# Carbon or no carbon? If none, what instead?



## BullyBuddies (Jan 4, 2012)

*Do you filter with carbon or no carbon?*​
Carbon729.17%No carbon1770.83%


----------



## BullyBuddies (Jan 4, 2012)

I ways always told to use carbon filtration, but much to my surprise, I just read an article arguing both sides.

1.What do you guys do?

2.If no carbon, is something placed where the carbon normally would rest?

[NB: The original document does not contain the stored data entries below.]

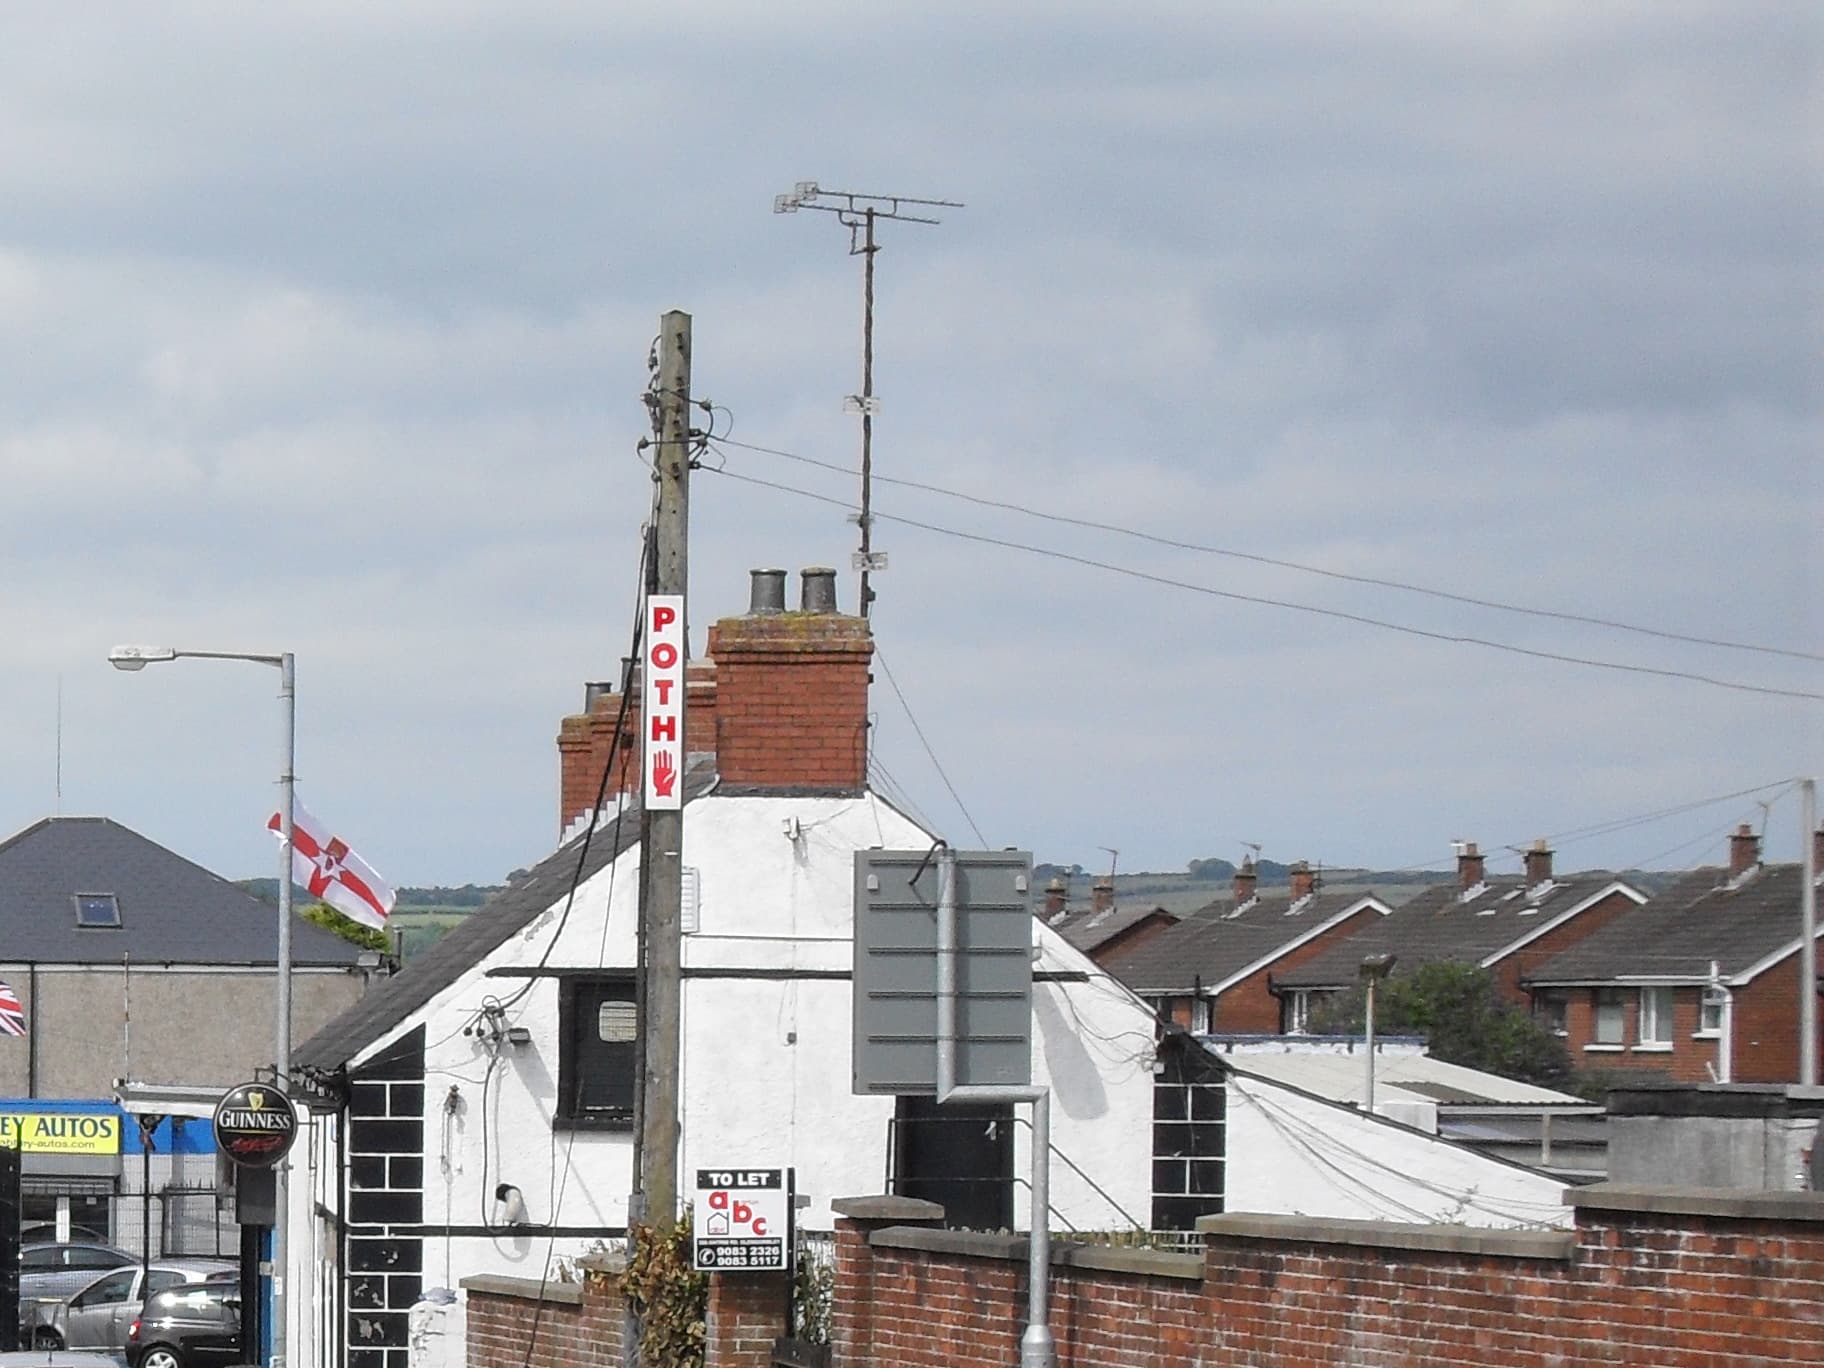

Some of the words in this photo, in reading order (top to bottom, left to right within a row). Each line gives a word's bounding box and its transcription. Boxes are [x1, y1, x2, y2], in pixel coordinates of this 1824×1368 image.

[651, 606, 678, 741] POTH
[35, 1117, 112, 1139] AUTOS
[219, 1110, 291, 1129] GUINNESS
[709, 1173, 733, 1186] TO
[737, 1173, 770, 1186] LET
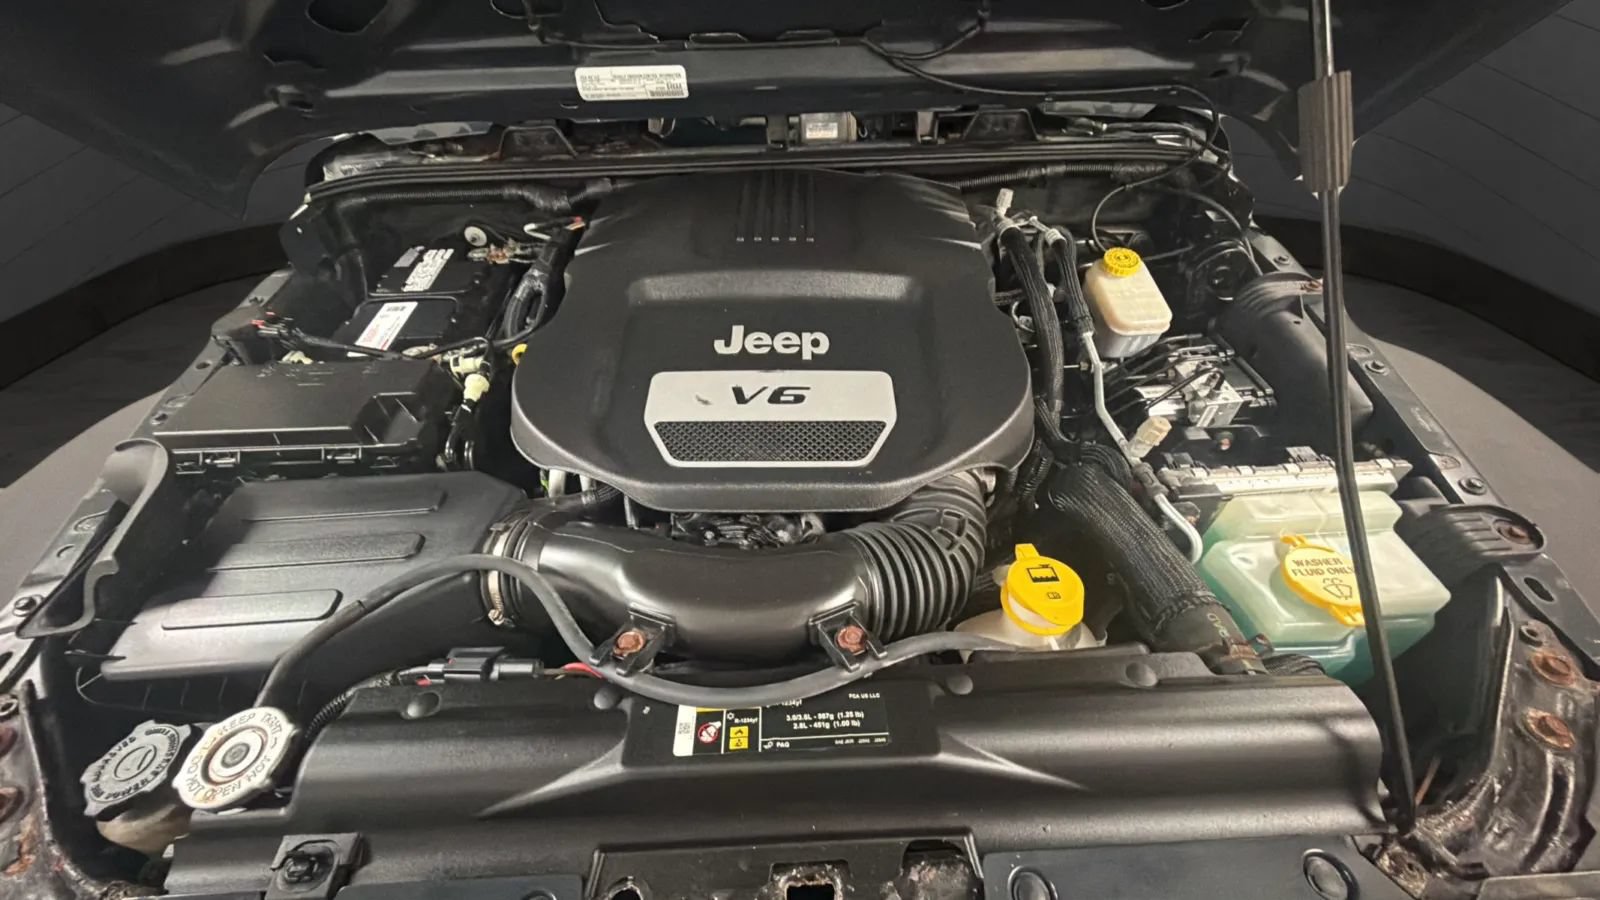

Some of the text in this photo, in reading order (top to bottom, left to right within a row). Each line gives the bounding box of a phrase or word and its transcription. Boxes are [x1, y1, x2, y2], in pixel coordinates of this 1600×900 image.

[713, 325, 829, 360] Jeep
[731, 385, 811, 404] V6
[1291, 558, 1344, 567] WASHER
[1291, 568, 1325, 577] FLUID

3.Would the blue mesh, sponges, and mechanical filtration media be sufficient? I vaccuum, scrub glass, and change water every Sunday


----------



## DJRansome (Oct 29, 2005)

Blue mesh?

I just fill the carbon space with mechanical media.


----------



## Nodalizer (Nov 7, 2011)

Its not a use or do not use. I think everyone will admit that carbon has its use. But not many would keep it in there filter full time as its not required so why over complicate with the carbon changes every 6-8 weeks.


----------



## BullyBuddies (Jan 4, 2012)

blue mesh is the sleeve..kind of like a pot scrubby


----------



## hoary2001 (Dec 27, 2011)

I'm replacing my carbon with Seachem's Purigen. Supposedly works many times better than carbon AND it is reusable after cleaning. A little bit goes a long way and it lasts for about 6 months (according to the literature).

Anyone tried it?


----------



## BullyBuddies (Jan 4, 2012)

I think im gonna try the eheim efilav to replace the carbon...


----------



## Nodalizer (Nov 7, 2011)

Purigen is fine, I just have bio media in my filter these days thou. Purigen helps an aquarium that hasn't yet matured fully. A fully matured aquarium should be crystal clear without the need for carbon or purigen or anything else.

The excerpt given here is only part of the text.